Maggie Callanan and colleague Patricia Kelley gathered stories of nearing death awareness into their book Final Gifts: Understanding the Special Awareness, Needs, and Communications of the Dying. They found that the messages fell into two categories. The first type of message spoke of the experience of dying, with the dying person perhaps talking of seeing a place of great beauty or talking with and being comforted by End Friends—dead people or religious figures. The second category of message expressed the needs the dying had in order to get on with their journey, perhaps a reconciliation with another person or the Almighty or themselves.

Dr. Elisabeth Kübler-Ross was adamant that no one dies alone and directly confronted the dismissive medical establishment. Her book On Life After Death is a collection of four essays that present proof for her assertion that no one dies alone. For those who labeled End Friends as wishful thinking, Dr. Ross gathered stories from her dying child patients, asking them whom they would love to see the most, whom they would most want to have by their side always. Ninety-nine percent of her child patients named their mommies and daddies. Yet none of those children saw their mommies or their daddies when they died, because their mommies and daddies were still alive.
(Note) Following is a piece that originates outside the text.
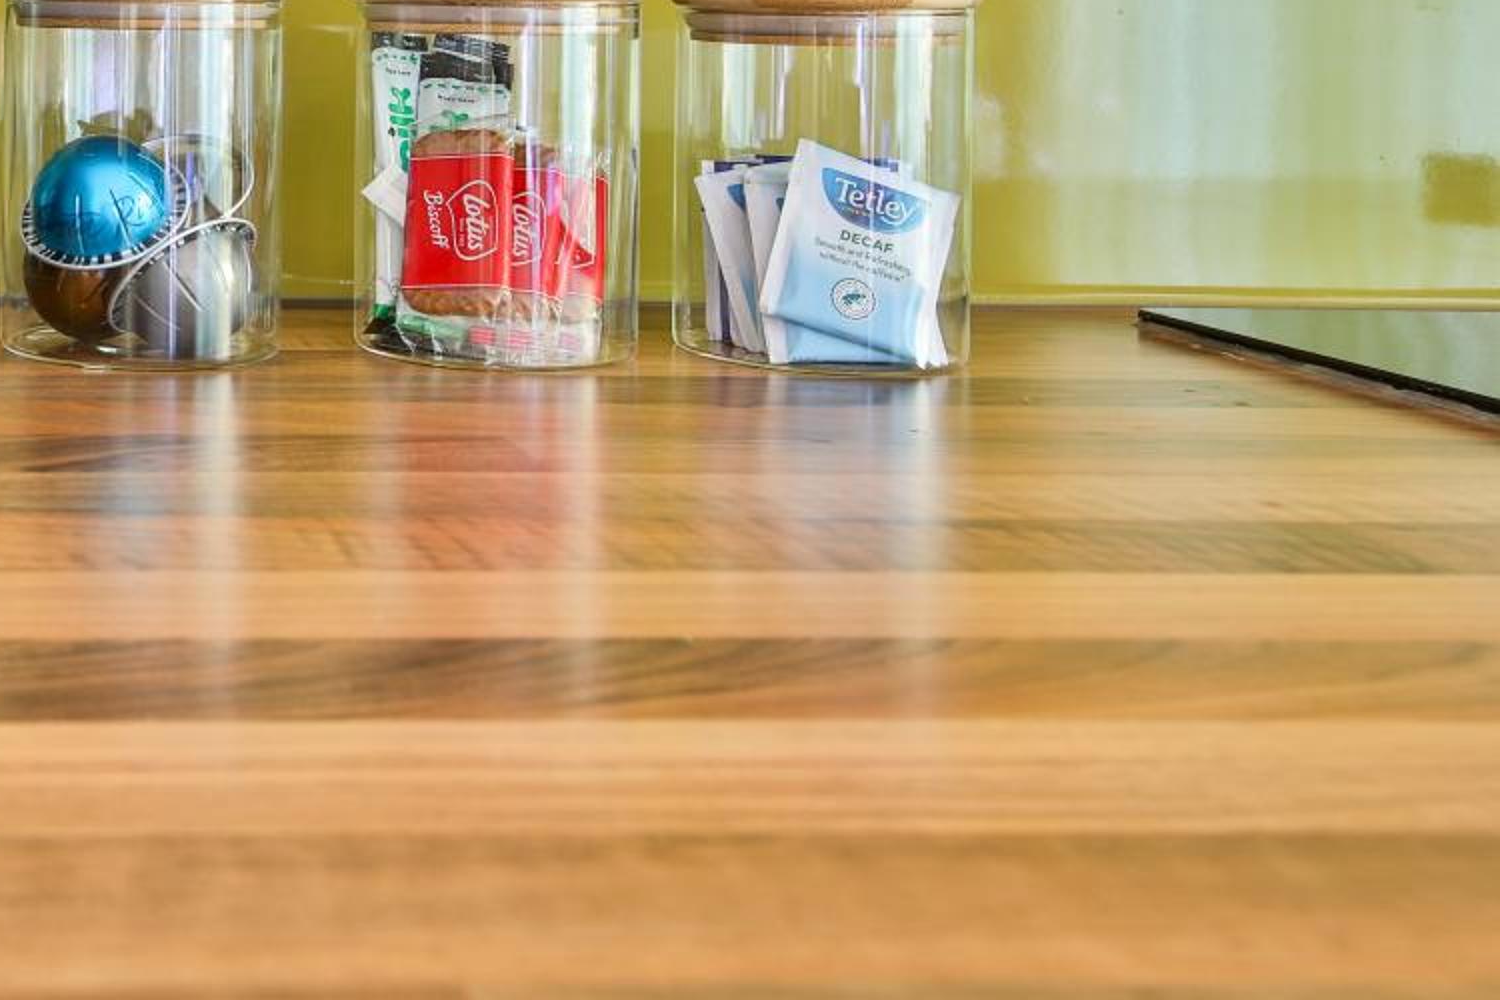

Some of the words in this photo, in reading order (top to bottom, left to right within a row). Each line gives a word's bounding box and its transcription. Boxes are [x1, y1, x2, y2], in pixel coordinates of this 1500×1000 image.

[423, 189, 450, 249] Biscoff
[835, 177, 916, 226] Tetley
[839, 229, 895, 254] DECAF
Dr. Ross tackled the medical’s community’s dismissal of deathbed visions as lack of oxygen to the brain by gathering near-death experiences of totally blind people. These people reported seeing who was present in the room during their near-death experiences, describing clothing down to the jewelry worn. Yet when they returned to life, they were as blind as before. Dr. Ross concluded that if this is a lack of oxygen, then she should prescribe it for all her blind patients.